Word for word, give the records again, dropping any picture they hold.

[Collected data]
_ _ _ _ _
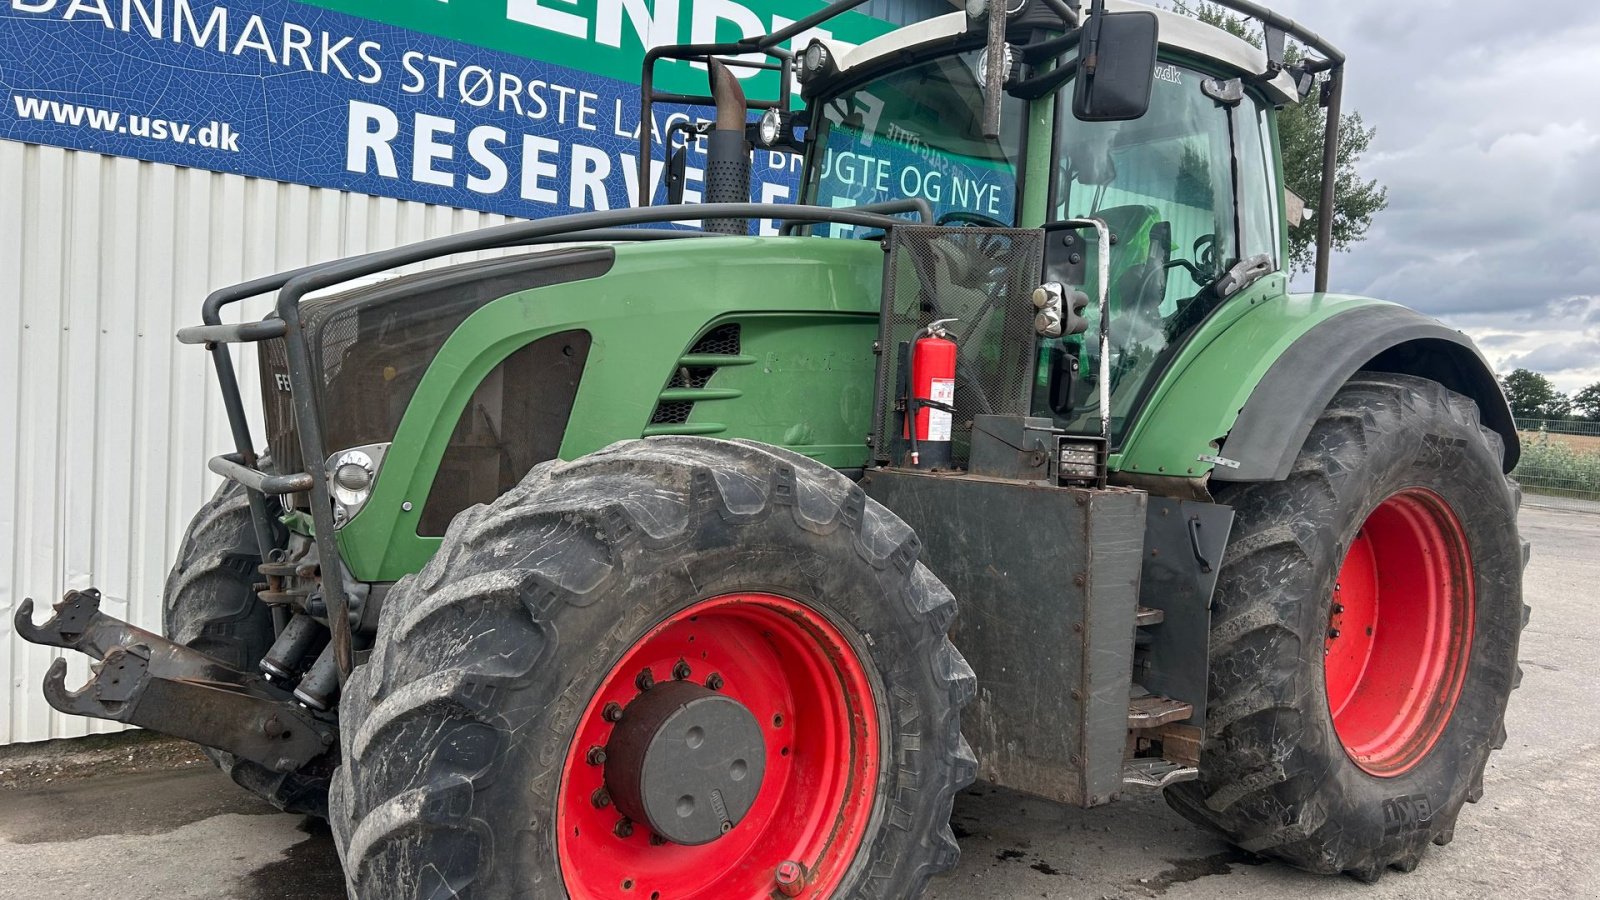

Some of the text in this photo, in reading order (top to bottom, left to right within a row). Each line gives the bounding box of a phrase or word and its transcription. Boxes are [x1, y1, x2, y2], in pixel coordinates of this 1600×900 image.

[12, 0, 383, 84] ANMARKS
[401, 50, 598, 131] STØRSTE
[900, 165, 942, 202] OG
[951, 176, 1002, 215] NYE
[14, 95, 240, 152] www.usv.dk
_ _ _ _ _
**Exercise response**
Some of the text in this photo, in reading order (top to bottom, left to right within a row). Each line gives the bounding box of a phrase or word and its transcription. Boxes are [x1, y1, x2, y2], in pixel coordinates of this 1600×900 image.

[12, 0, 383, 84] ANMARKS
[401, 50, 598, 131] STØRSTE
[900, 165, 942, 202] OG
[951, 176, 1002, 215] NYE
[14, 95, 240, 152] www.usv.dk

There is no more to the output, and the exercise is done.